- **TASK GOAL**
Your copy should match the listing below word for word, with no images in it.

- **GIVEN DATA**
------------------------------------------------------------
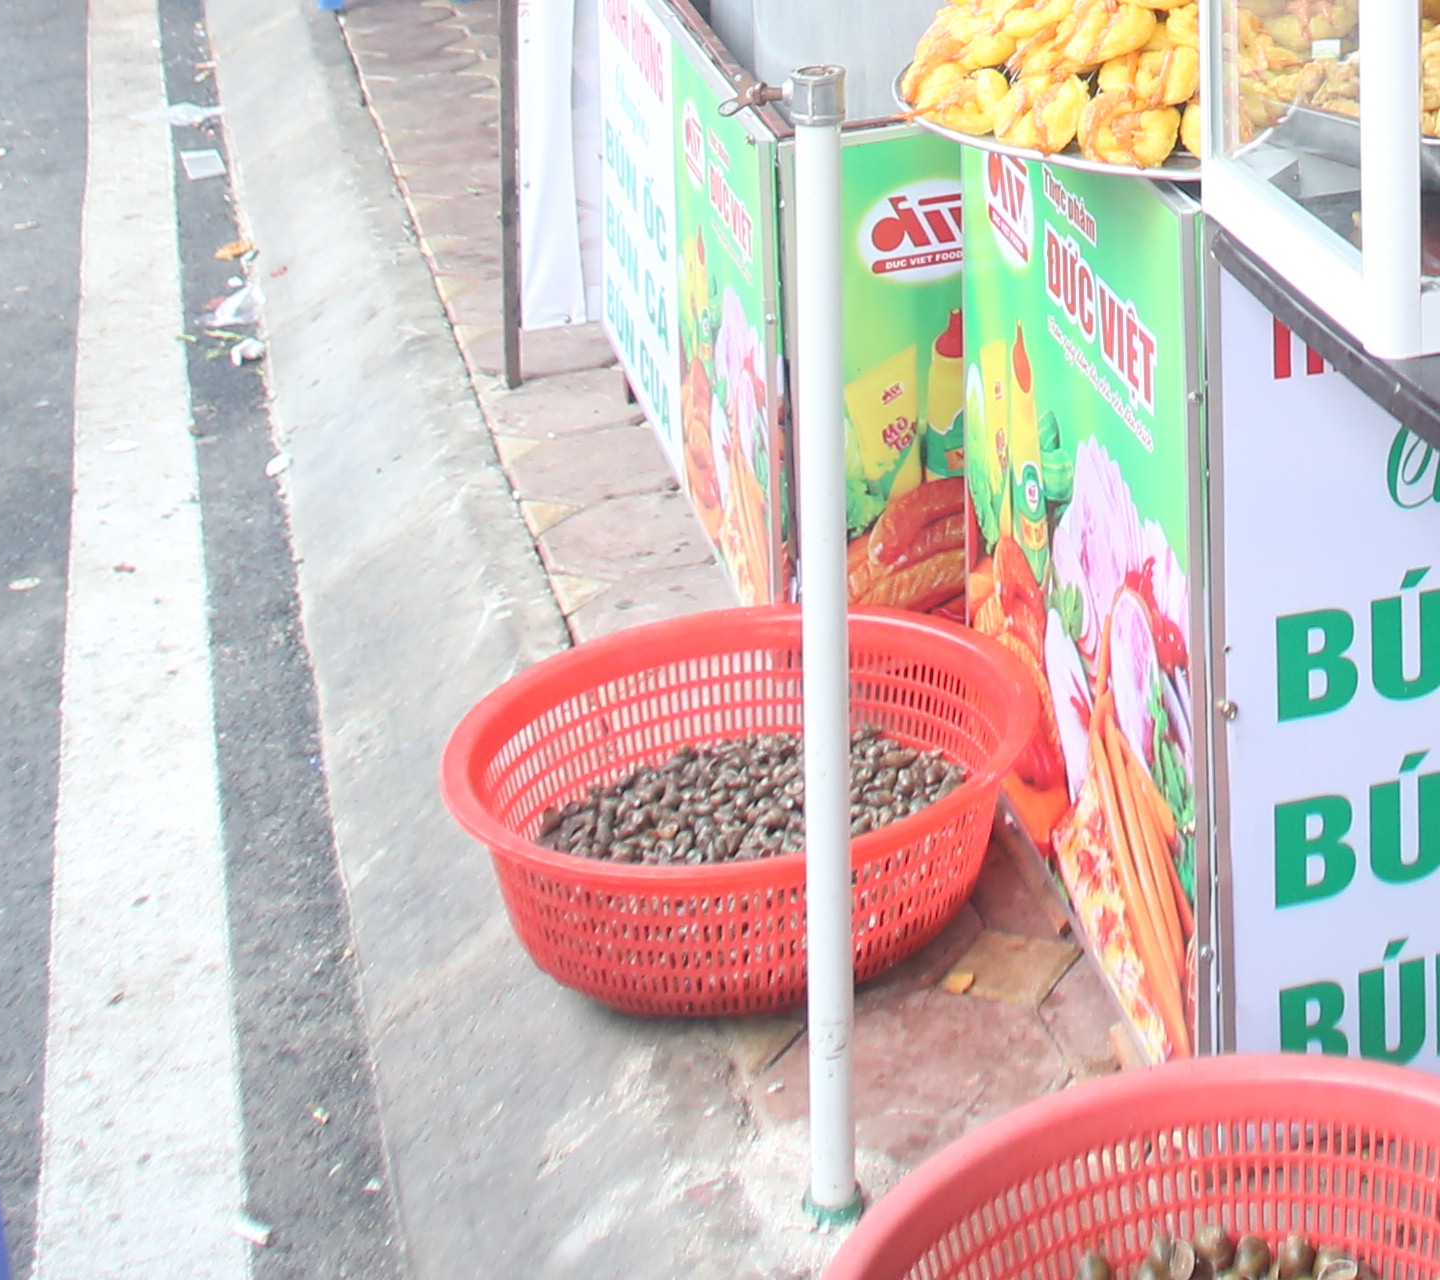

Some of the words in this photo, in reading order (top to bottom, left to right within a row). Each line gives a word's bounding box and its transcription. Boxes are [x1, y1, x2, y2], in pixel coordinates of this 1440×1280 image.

[909, 253, 934, 266] VIET
[935, 249, 964, 262] FOOD
[1045, 226, 1094, 338] ĐỨC
[1097, 280, 1155, 410] VIỆT
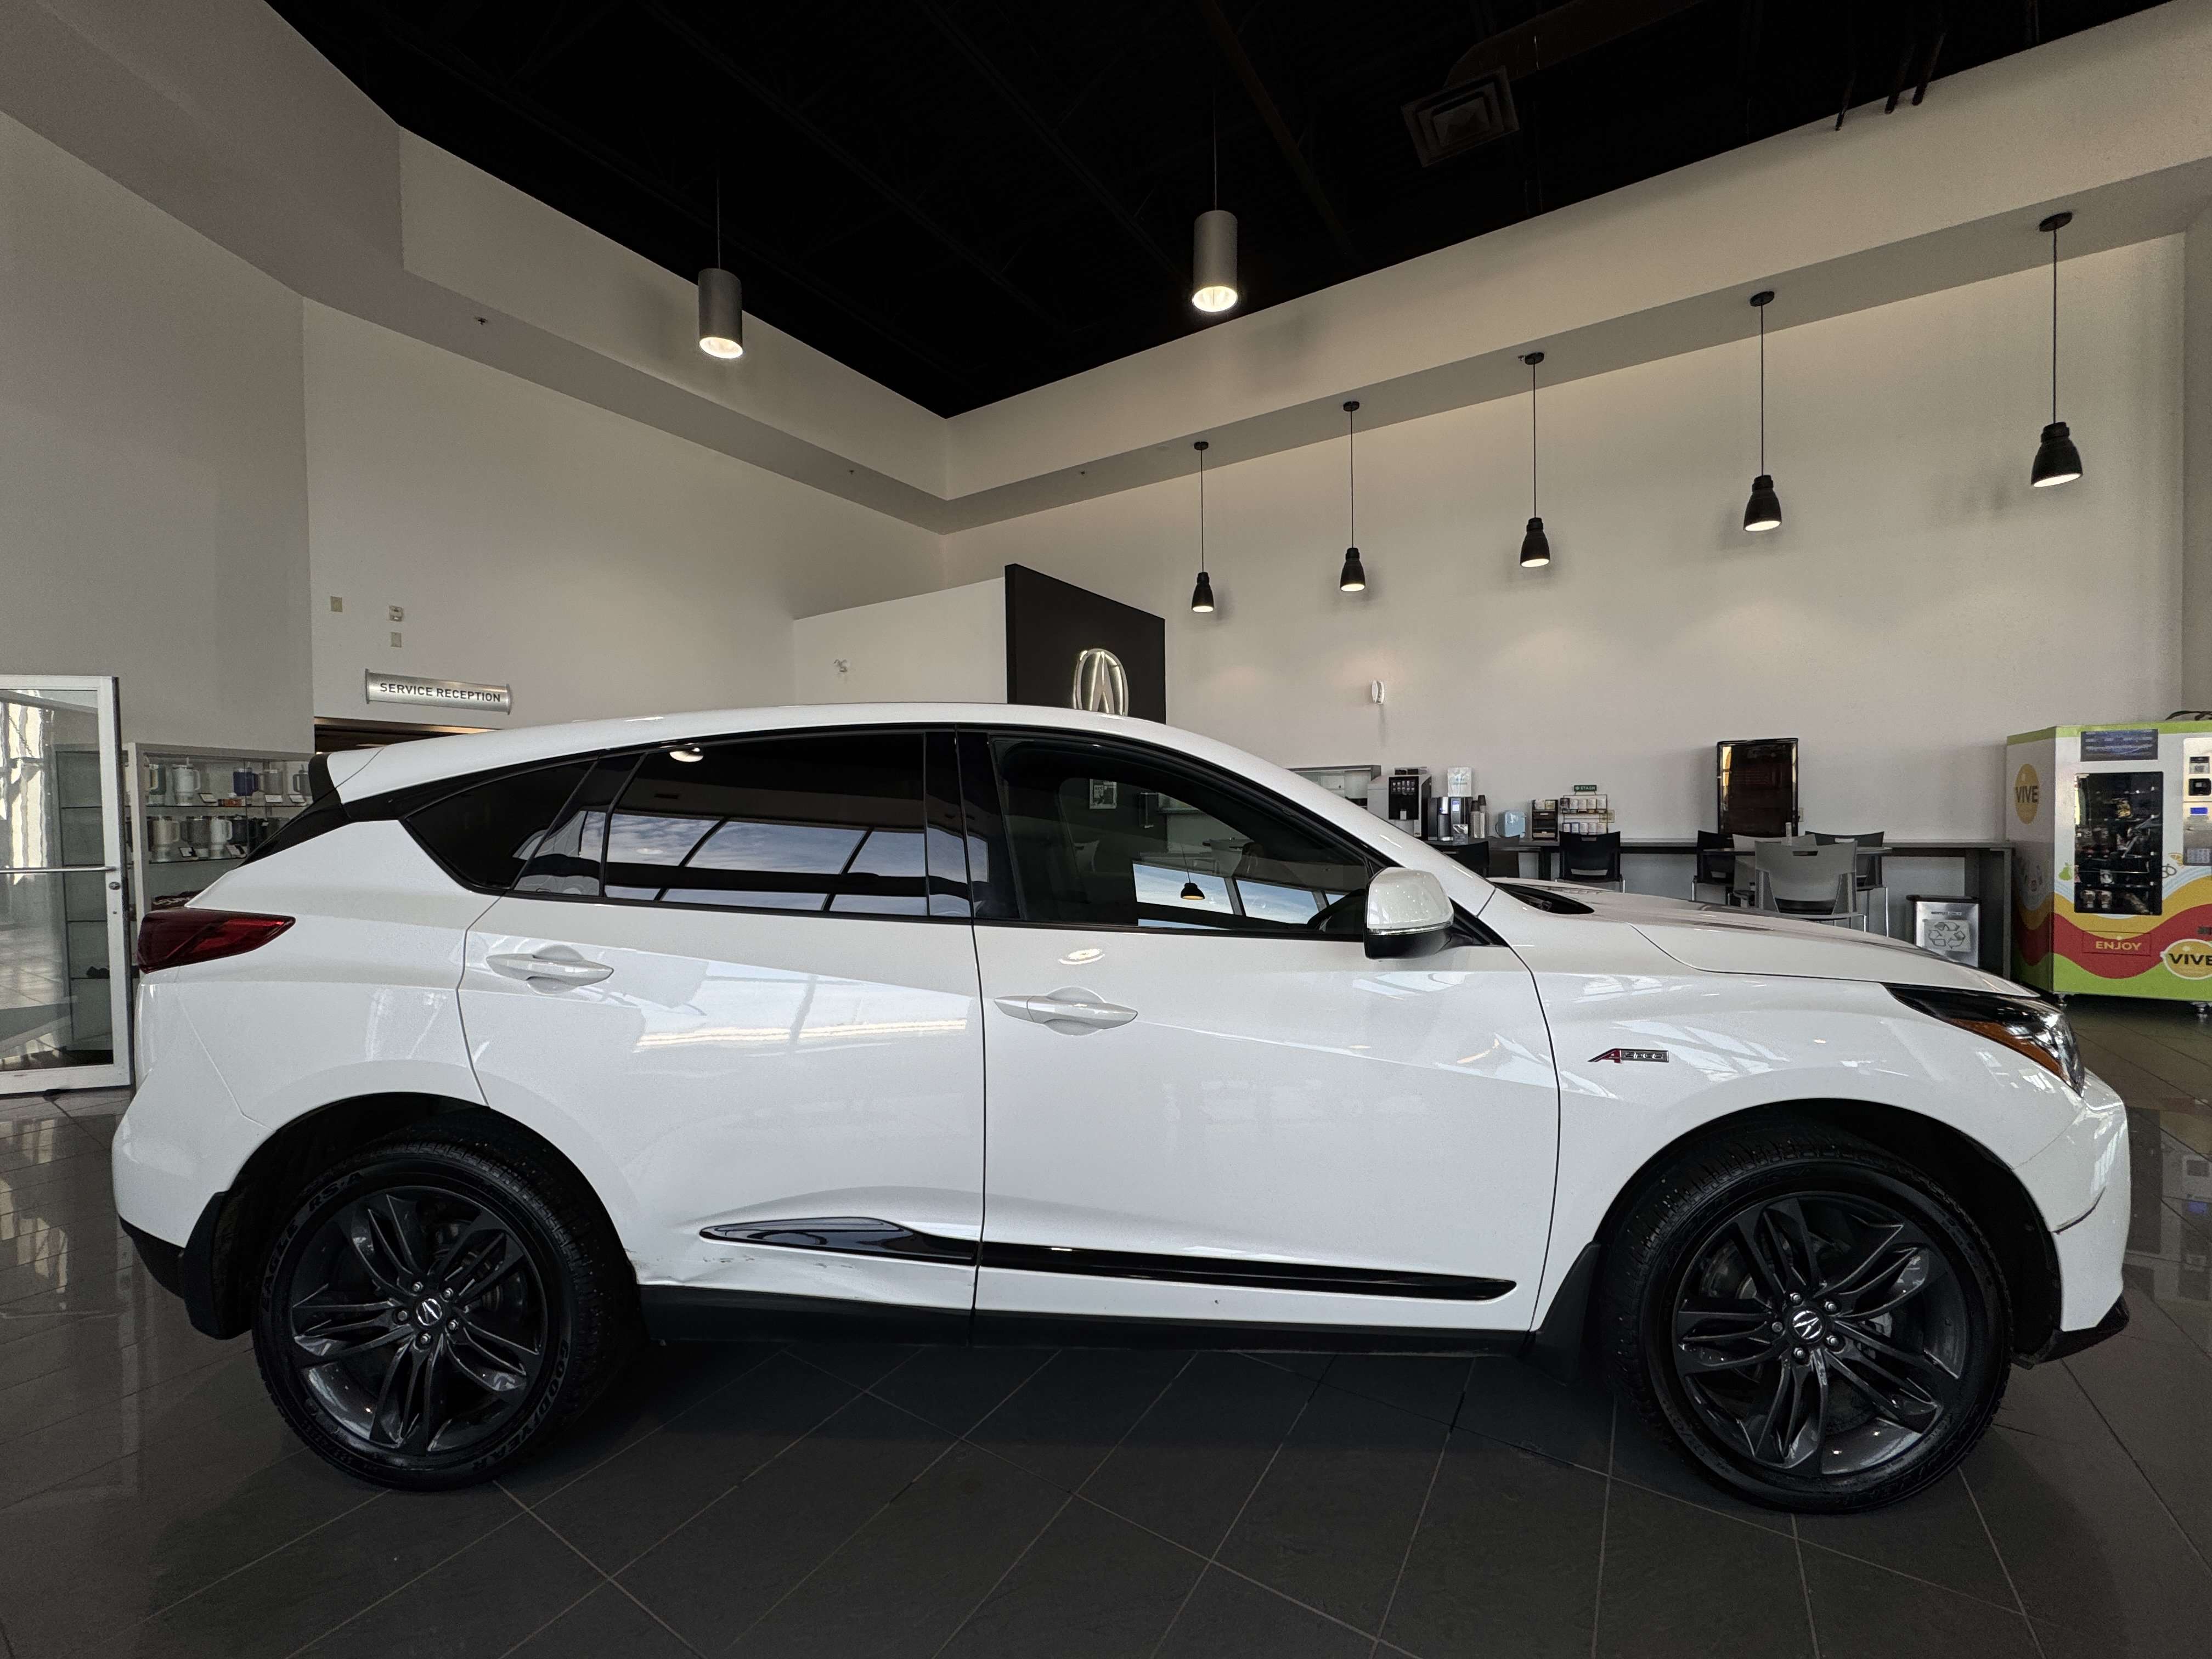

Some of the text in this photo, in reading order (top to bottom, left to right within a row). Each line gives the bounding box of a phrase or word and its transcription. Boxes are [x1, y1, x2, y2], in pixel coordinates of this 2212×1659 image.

[380, 683, 500, 702] SERVICE RECEPTION
[2016, 786, 2038, 803] VIVE
[2096, 941, 2142, 951] ENJOY
[2169, 953, 2212, 966] VIVE
[473, 1339, 570, 1466] GOODYEAR
------------------------------------------------------------
- **EXERCISE ANSWER**
Some of the words in this photo, in reading order (top to bottom, left to right within a row). Each line gives a word's bounding box and its transcription. Boxes are [x1, y1, x2, y2], in pixel coordinates of this 1440×1280 image.

[909, 253, 934, 266] VIET
[935, 249, 964, 262] FOOD
[1045, 226, 1094, 338] ĐỨC
[1097, 280, 1155, 410] VIỆT

Some of the text in this photo, in reading order (top to bottom, left to right within a row). Each line gives the bounding box of a phrase or word and its transcription. Boxes are [x1, y1, x2, y2], in pixel coordinates of this 2212×1659 image.

[380, 683, 500, 702] SERVICE RECEPTION
[2016, 786, 2038, 803] VIVE
[2096, 941, 2142, 951] ENJOY
[2169, 953, 2212, 966] VIVE
[473, 1339, 570, 1466] GOODYEAR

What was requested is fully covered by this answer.